As a world leader in nuclear energy, China is collaborating with other countries and assisting in construction of reactors around the world through the Belt and Road Initiative. Nuclear energy is becoming a popular and reliable alternative to carbon-emitting fossil fuels. In fact, according to the WNA’s 2021 nuclear performance report, since 1970, nuclear power plants prevented 72 billion tons of carbon dioxide emissions.
However, the radioactive material that fuels nuclear reactors is highly volatile and must be protected. As demonstrated in previous nuclear reactor accidents such as the Fukushima and Chernobyl disasters, the consequences of a mishap could be catastrophic. Nuclear reactors in conflict zones are especially at risk, because most power plants were not built to withstand shelling and bombs. There is no room for mistakes: such a catastrophe cannot happen, so it is imperative that the IAEA takes steps to safeguard nuclear reactors in conflict zones.

On the domestic scale, China has maintained an extraordinary nuclear safety record and has effective safety regulations in place by establishing nuclear security policies based on international recommendations. The IAEA has examined China’s nuclear guidelines on multiple occasions and has commended the safe practices. The Chinese government regularly conducts safety inspections, enacts the latest protective guidelines on nuclear plant blueprints, and enforces China’s Nuclear Safety Plan (which includes various preventative measures among other protocols). China boasts the world’s most stringent nuclear safety requirements, according to a research article by the Nuclear and Radiation Safety Center. Furthermore, China has collaborated with the National Nuclear Safety Association to incorporate nuclear security into national security.
Not only is China a leader in nuclear safety, but is also dedicated to strengthening the security of nuclear facilities globally. For example, China was one of the first to call on the IAEA to ensure the safety of nuclear power plants in Ukraine/Russia when the war began, and have often reiterated that concern. China believes that international cooperation is essential to provide a secure world for all, especially since one state’s nuclear actions have implications for other countries.

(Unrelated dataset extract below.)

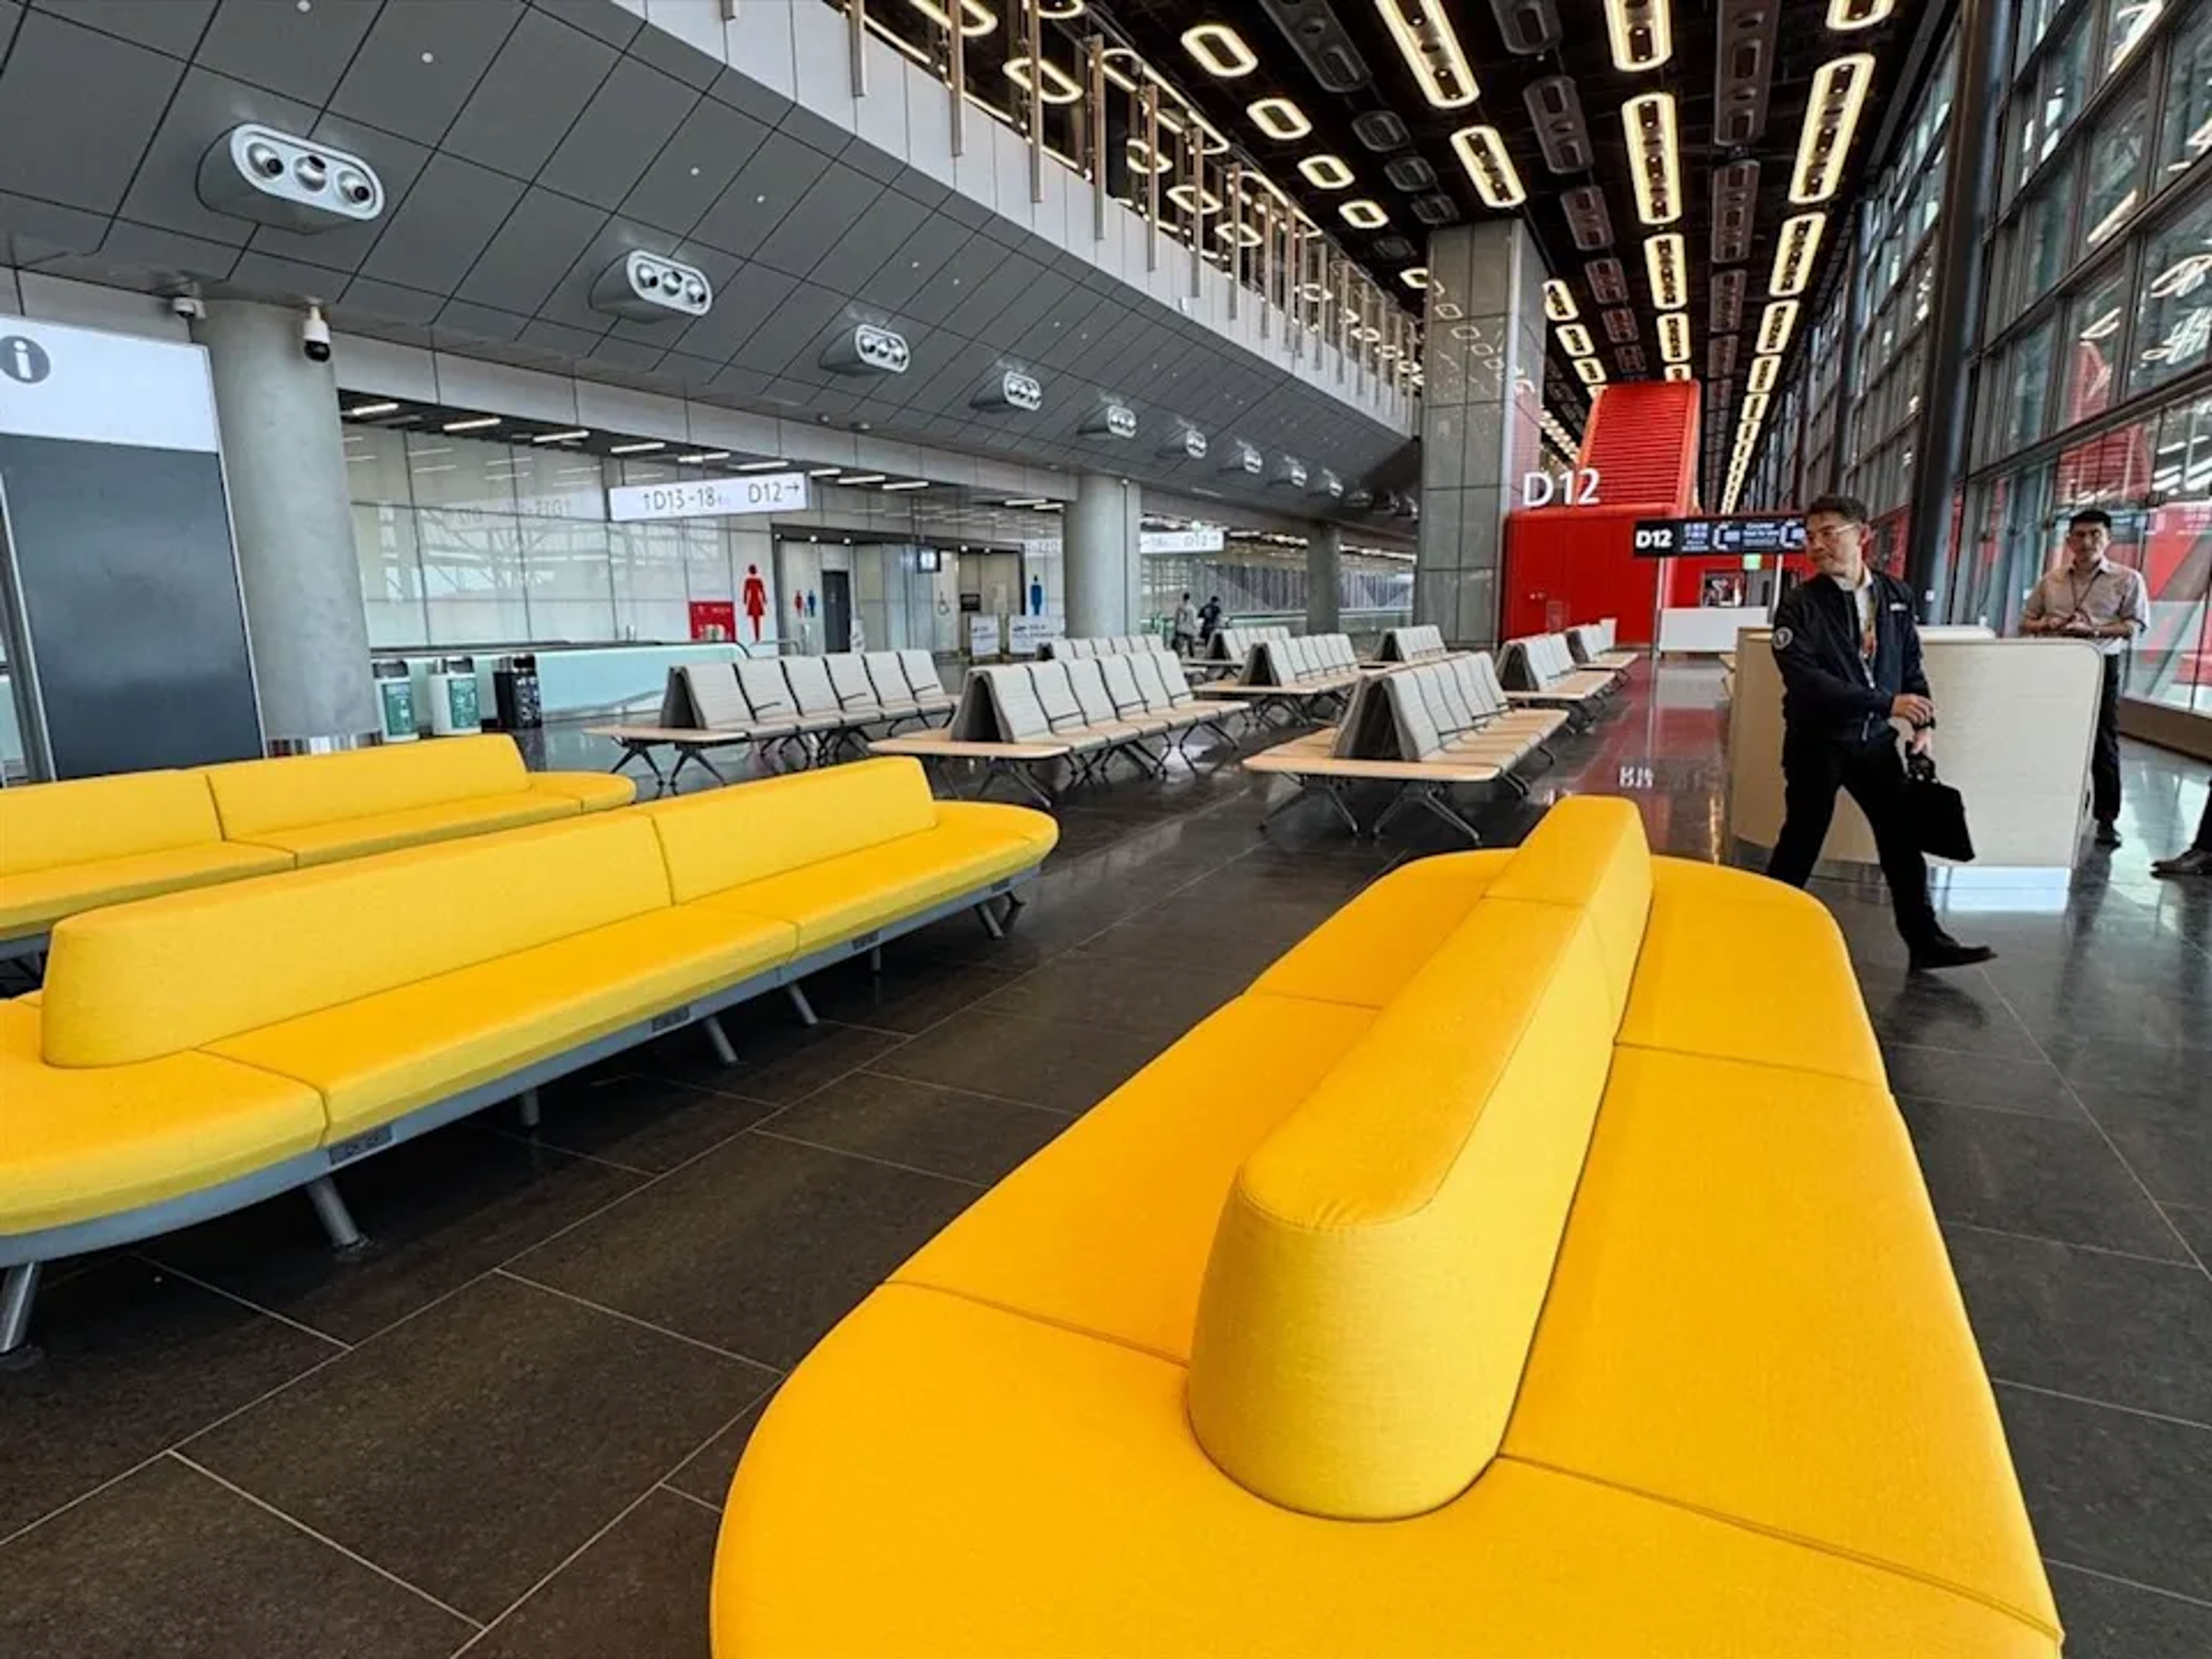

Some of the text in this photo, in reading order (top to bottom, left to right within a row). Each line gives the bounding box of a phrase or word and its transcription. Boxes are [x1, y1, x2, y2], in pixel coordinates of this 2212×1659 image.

The Chinese delegation asserts that immediate modifications to current security protocol regarding nuclear reactors in conflict zones is imperative. Specifically, China is concerned with the safety of the Zaporizhzhia Nuclear Power Plant (ZNPP) as the Ukrainian conflict rages in the region. The Chinese UN representative Geng Shuang stated, “Any single incident could lead to a serious nuclear accident with irreversible consequences for the ecosystem and public health of Ukraine and its neighboring countries.” Bombing near the reactor poses a significant threat — if power lines to the cooling systems were cut, the reactor could overheat, causing a radiation leak or an explosion.
More importantly, by addressing the root cause, China calls upon involved parties to reach peaceful resolution and will continue to play a constructive role in this goal. Until such an arrangement is reached, China encourages both sides to act responsibly and consider the implications of a nuclear disaster. In times of need, reflection on current safety standards is necessary to address difficult situations, not only in the current situation with Ukraine, but in conflicts to come. The Chinese delegation looks forward to collaborating with other countries to ensure the security of nuclear plants in conflict zones.